Joyce Farmer and Lyn Chevli made waves in the 1970s with a raw feminist comic series. Now Farmer has published an acclaimed graphic novel.

December 02, 2010|By Cindy Frazier,
  • Joyce Farmer in her home office in Laguna surrounded by inspiring items. She is known for her published alternative comics in the 1970s and is now releasing a graphic novel.
Joyce Farmer in her home office in Laguna surrounded by… (DON LEACH, Coastline…)

Joyce Farmer and Lyn Chevli were Laguna Beach working mothers with a creative bent in the early 1970s when they decided to join forces in an unlikely alliance as underground comic book creators. Farmer was the artist. Chevli, now 78, was a writer and the owner of a celebrated alternative bookstore, Fahrenheit 451, opened by her ex-husband in 1968.

Chevli recalls that in 1972 she had decided to sell the popular but floundering bookstore, located next to the Hotel Laguna, after splitting up with her husband. For four years she had been selling underground comics by legends such as R. Crumb and other Zap comix artists and thought there was a need for a women's version of the ribald, raw and sexually provocative books that were top sellers at the store.

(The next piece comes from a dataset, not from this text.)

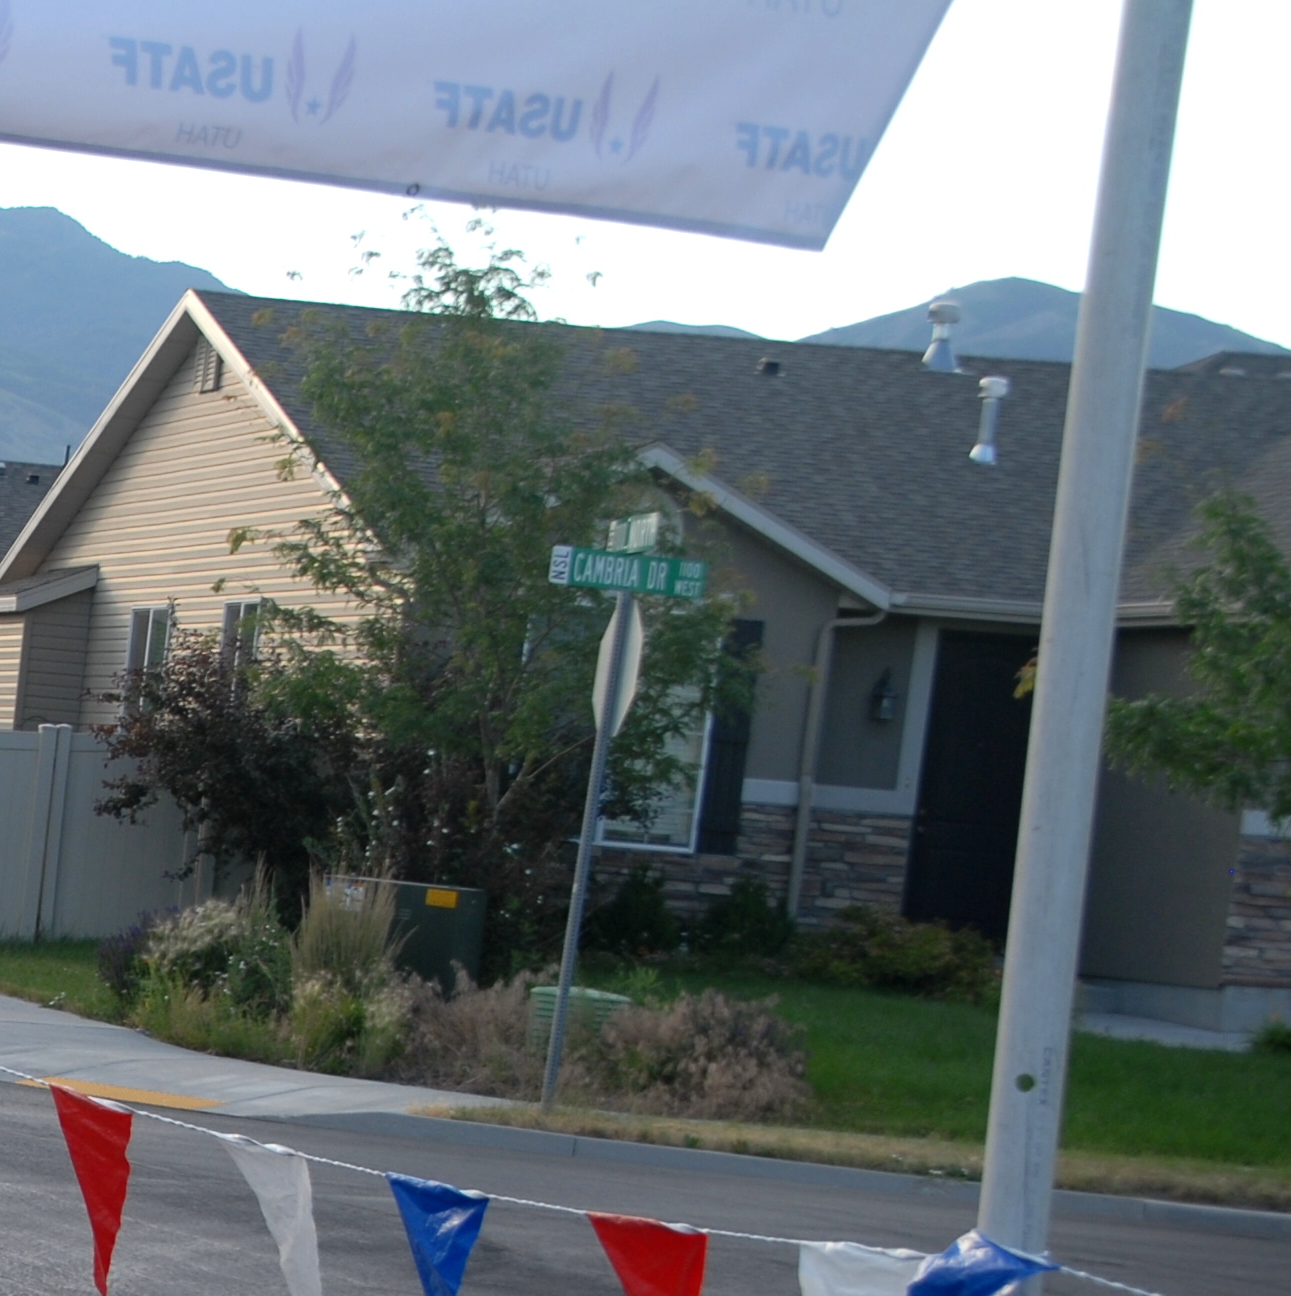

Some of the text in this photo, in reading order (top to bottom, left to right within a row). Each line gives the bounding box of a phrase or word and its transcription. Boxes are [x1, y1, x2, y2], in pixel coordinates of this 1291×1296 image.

[573, 552, 668, 591] CAMBRIA DR
[678, 562, 701, 578] 1100
[674, 580, 701, 597] WEST

"So I put a sign in the window saying, 'Artist Wanted,'" Chevli said. Farmer, who worked at a bail bonds office next door, responded. The rest is comic book history, as the pair became pioneer women comic book publishers.


"I made her draw for me," Chevli recalled. "She drew well, but then I said, 'do something startling, something dirty'."

Farmer produced a raw graphic that would become their staple and ensure their success in the era of the sexual revolution.

Farmer had a studio in Top of the World, where she still lives, in an expansive home she built in 1994. A trained graphic artist, she and Chevli shared ideas and sparked each other to new heights of provocation.

"We wanted to tell the truth and to be funny," Chevli said.

"It became a sensation," Farmer recalled.

Their creation, a feminist series with an unprintable name that took on the controversial and taboo subjects of menstruation, birth control, and sexual promiscuity, sold more than 100,000 copies and made them stars in the comic book world. But the raw nature of the material also led to the arrest of the subsequent owner of Fahrenheit 451 on obscenity charges and the eventual abandonment of the series, according to Farmer.

The last of the series was published in 1987, Farmer said. "Then I had to make a living and take care of my parents." She decided to go into the bail bonds business herself and put her art career on hold.

Both women are still in Laguna Beach, and Farmer has just released a graphic memoir, "Special Exits," which recounts in excruciating detail the demise of her parents over the last few years of their lives. She will sign the book at 5 p.m. Saturday at Latitude 33 Bookshop, 311 Ocean Ave., Laguna Beach.